Redistributed Current Density in Lateral Organic Light-Emitting Transistors Enabling Uniform Area Emission with Good Stability and Arbitrary Tunability

Organic light-emitting transistors (OLETs), integrating the functions of an organic field-effect transistor (OFET) and organic light-emitting diode (OLED) in a single device, are promising for the next-generation display technology. However, the great challenge of achieving uniform area emission in OLETs with good stability and arbitrary tunability hinders their development in this field. Herein, an effective solution to obtain well-defined area emission in lateral OLETs by incorporating a charge-transport buffer (CTB) layer between the conducting channel and emitting layer is proposed. Comprehensive theoretical simulation and experimental results demonstrate redistributed potential beneath the drain electrode under the shielding effect of the CBT layer, resulting in a highly uniform current density. In this case, uniform recombination of balanced holes and electrons can be guaranteed, which is essential for the formation of area emission in the following OLETs.
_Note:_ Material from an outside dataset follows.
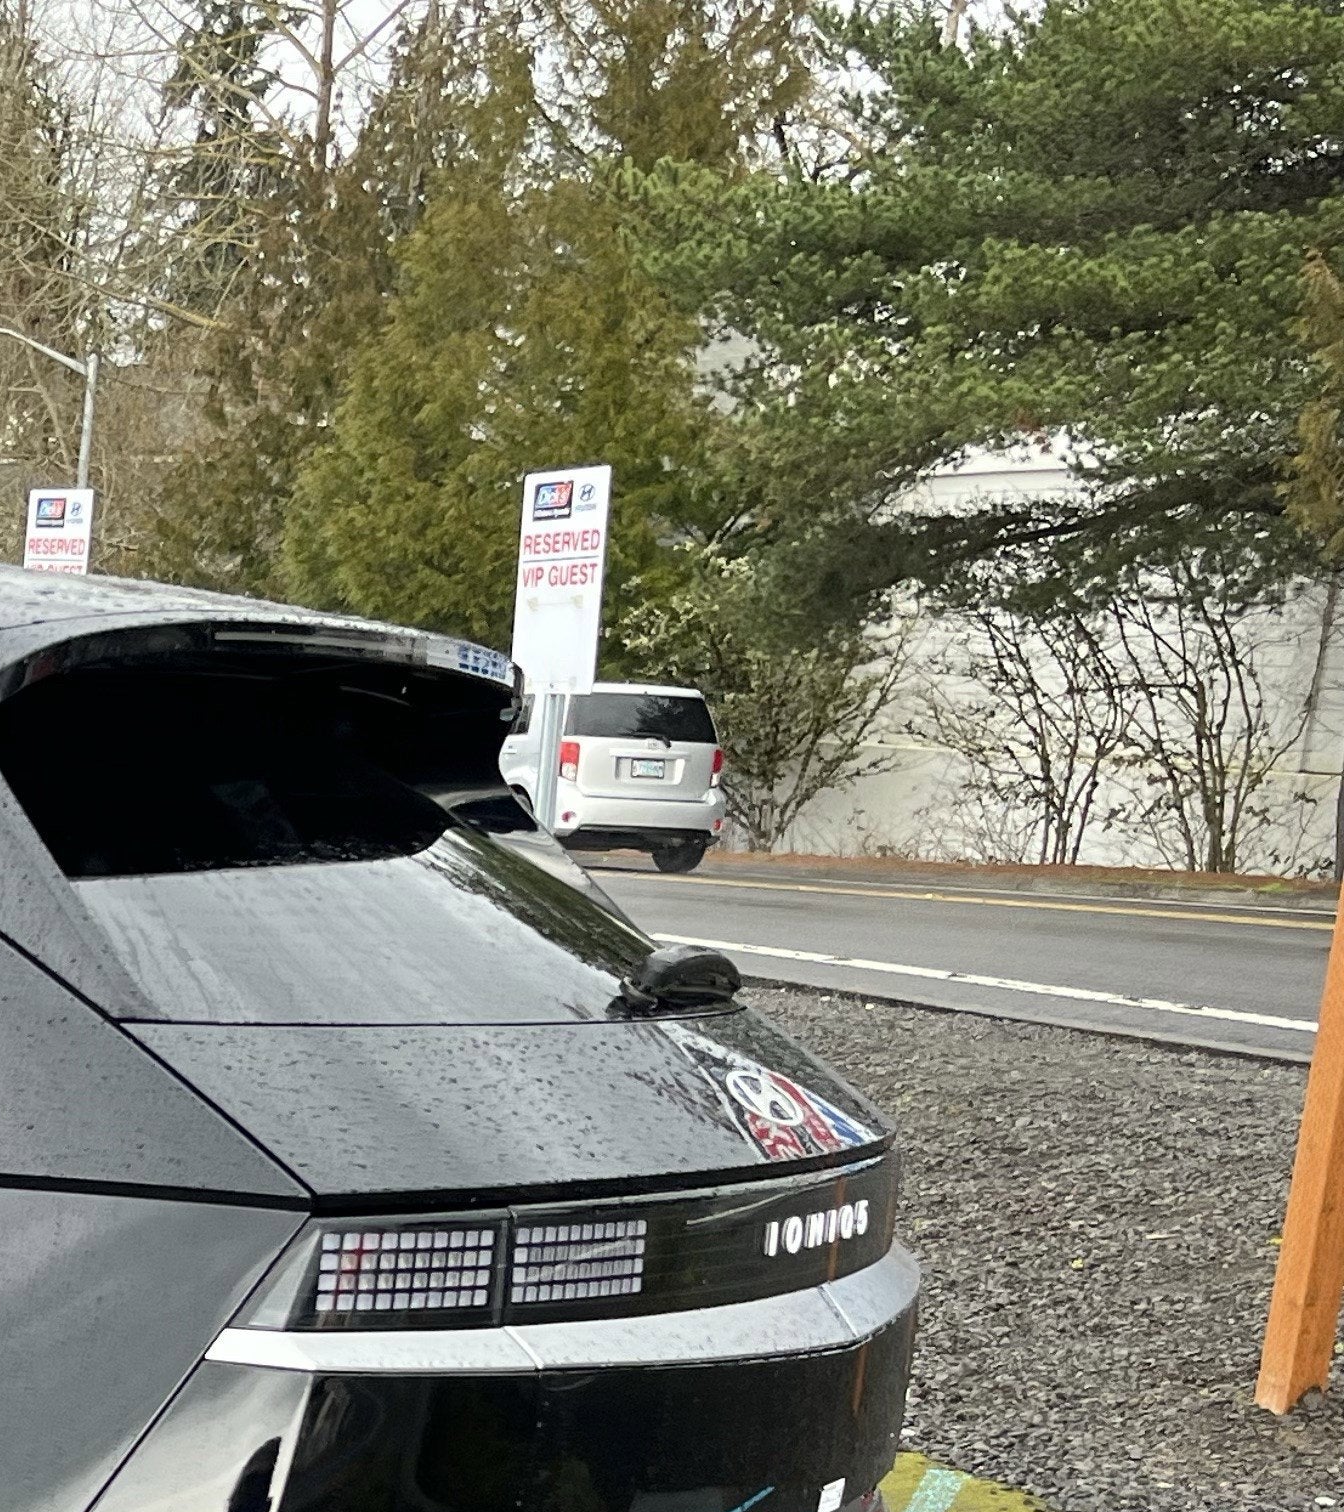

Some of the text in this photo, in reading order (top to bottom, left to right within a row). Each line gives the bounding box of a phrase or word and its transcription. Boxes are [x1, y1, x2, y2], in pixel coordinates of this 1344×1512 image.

RGB OLETs with uniform area emission are constructed, which show good gate tunable ability (ON/OFF ratio 10(6)), high loop stability (over 200 cycles) and high aperture ratio (over 80%) due to the arbitrary tunability of the device geometry. This work provides a new avenue for constructing area-emission lateral OLETs, which have great potential for display technology because of their good compatibility with conventional fabrication techniques.

Automated summary

This study proposes an effective solution to achieve uniform area emission in organic light-emitting transistors (OLETs), by incorporating a charge-transport buffer (CTB) layer between the conducting channel and emitting layer. Theoretical simulation and experimental results demonstrate the redistribution of potential beneath the drain electrode, resulting in a highly uniform current density. The constructed RGB OLETs show good gate tunable ability, high loop stability, and high aperture ratio, making them promising for display technology.